Uma antiga quadrinização da obra de Poe mostrava
o autor presente em seus contos, acompanhando as personagens principais,
estudando-as, guardando cada pormenor com olhos ao mesmo tempo
quebrados e agudos, para depois transformar os fatos em narrações.
E assim é em Os Crimes da Rua Morgue. Um autor anônimo
- o próprio Edgar?- que serve de cronista das aventuras
investigativas de um amigo excêntrico -de nome Dupin - com
quem divide aposentos no terceiro andar de uma casa. Qualquer
semelhança com Sherlock não é mera coincidência.
E a esta se seguirão muitas outras.
Não
sou o primeiro autor a destacar as semelhanças entre Dupin
e Holmes, embora me proponha, e não sei o quanto isto seja
inédito, a confrontar as duas obras.
Como
notado acima, Dupin e o seu cronista, assim como Sherlock e Watson,
viviam juntos. Guarde-se esta informação e sigamos
adiante. Nas primeiras páginas de Os Crimes da Rua Morgue
dá-se um fato interessante : para explicitar sua capacidade
analítica, Dupin responde com palavras aos pensamentos
do seu amigo. Disse, enquanto caminhavam em silêncio: "Na
verdade, esse rapaz é muito pequeno e estaria melhor no
Théâtre des Variétés"(1)
. Como se pudesse ler-lhe a mente, causando espanto no
seu companheiro. Depois explicou que tudo não passara de
uma eficaz analise das cadeias de pensamentos e refez o curso
das meditações do amigo, demonstrando o quão
reveladores são o estudo de pequenos eventos e reações
faciais na ação de desvendar os solilóquios
cerebrais. Semelhante fato ocorreu na saga sherlockiana. Num dia
sufocante (no conto A Caixa de Papelão), Watson jazia recostado
a sua poltrona, divagando, quando Holmes interrompeu o rumo dos
seus pensamentos. Disse: "Você tem razão, Watson.
É de fato absurda essa maneira de resolver contendas"(2)

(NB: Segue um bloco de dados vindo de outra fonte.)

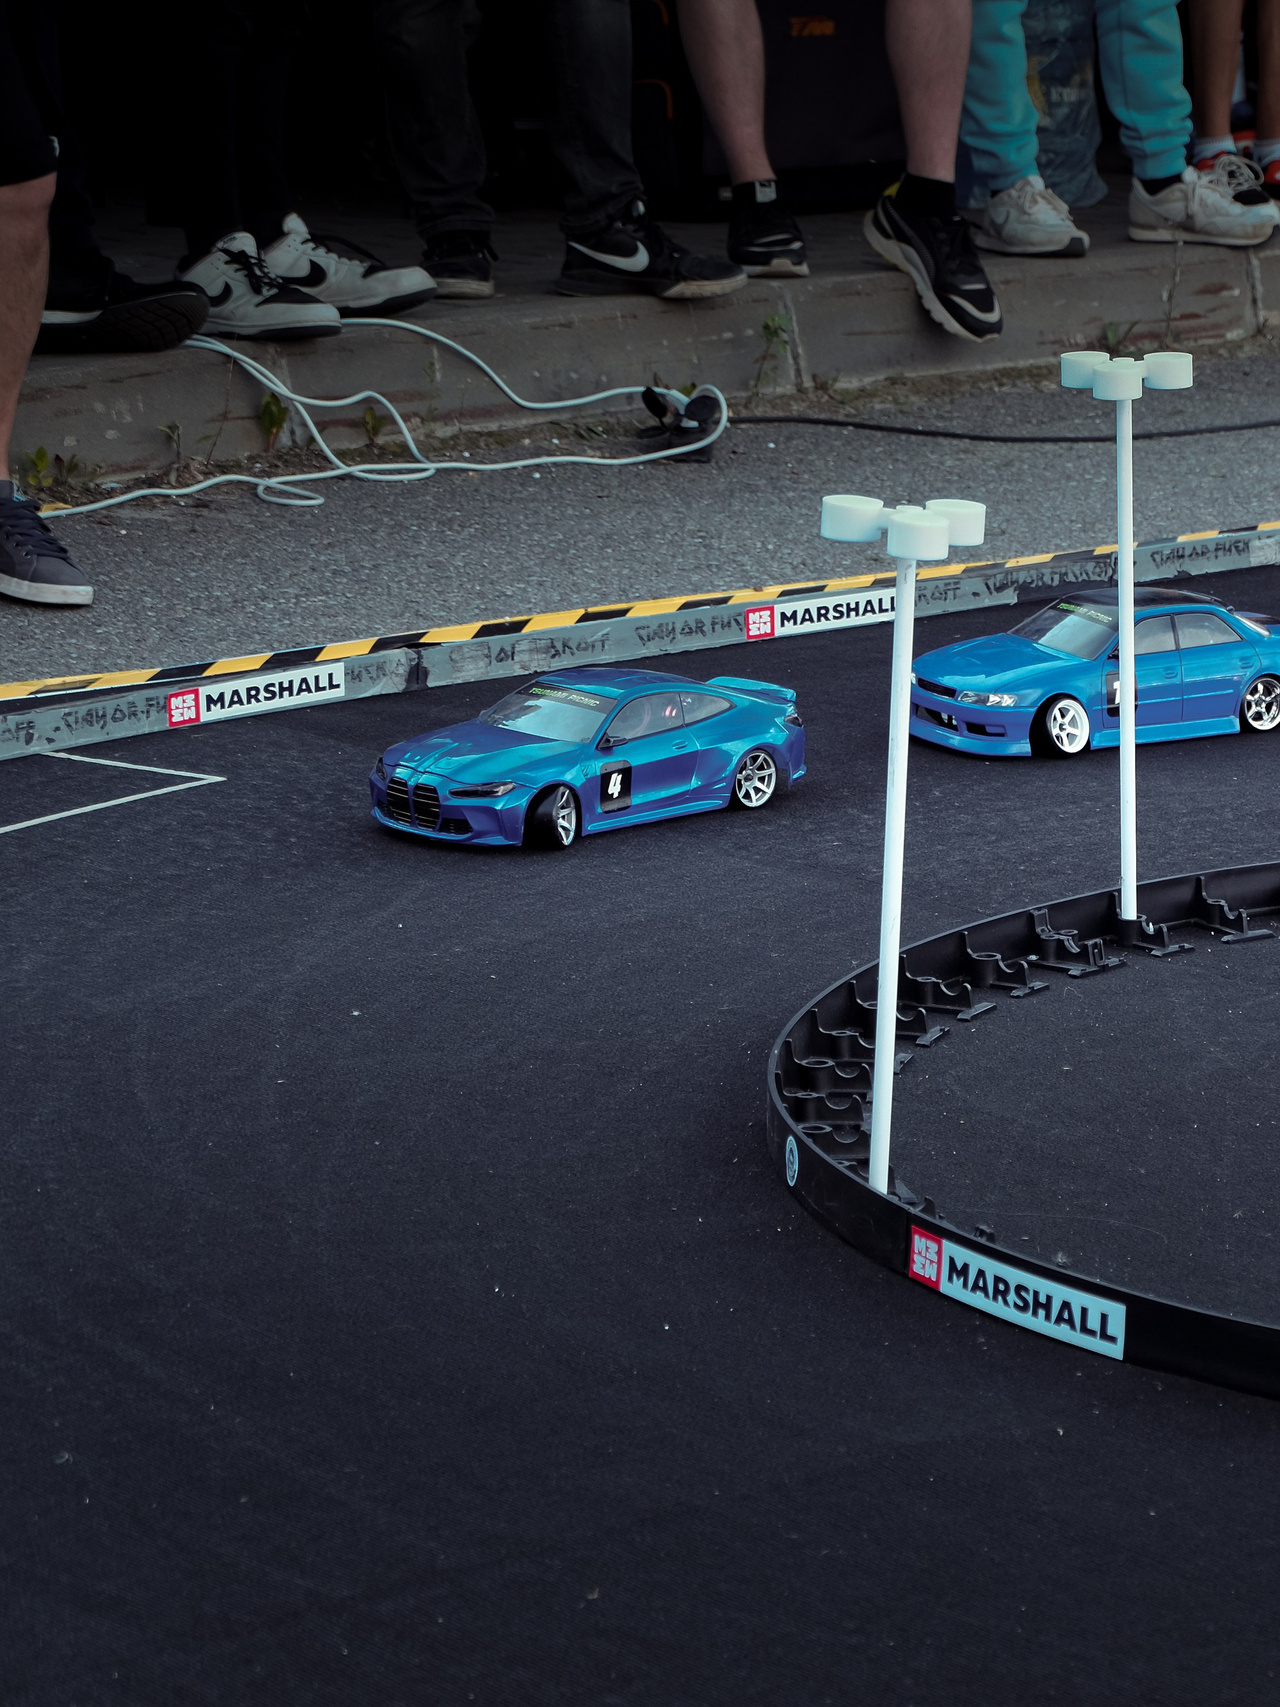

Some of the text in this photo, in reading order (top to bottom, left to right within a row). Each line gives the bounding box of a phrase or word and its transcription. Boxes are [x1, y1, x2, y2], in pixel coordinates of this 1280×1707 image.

. O Dr. Watson ficou perplexo, seu amigo acabara de desvendar-lhe
as idéias. Qual Dupin, Sherlock refez o curso dos pensamentos
do amigo, explicando sobre as cadeias de pensamentos e expressões,
e como finalmente descobriu exatamento no que cogitava. A presença
desta habilidade em ambos os detetives é muito importante;
a maneira como as narrativas se encontram, não apenas no
que diz respeito ao tema -desvendar pensamentos analiticamente-
mas ao ritmo estabelecido pelos autores e a organização
das explicações que são praticamente os mesmos(3).
Após
a deflagração do crime da rua Morgue os jornais
deram grande importância para o caso, seja pela brutalidade,
seja pela dificuldade de encontrar uma solução satisfatória
para o ocorrido. Dupin interessou-se pelo caso, visitou a cena
do crime, o desvendou, mas não disse nada no primeiro momento,
nem a polícia, nem ao seu amigo. Era um excêntrico,
anelava um fim dramático; Holmes em geral apelava por um
final desta natureza, o forçava até. Assim, Dupin
colocou um anuncio no jornal com o escopo de atrair o culpado.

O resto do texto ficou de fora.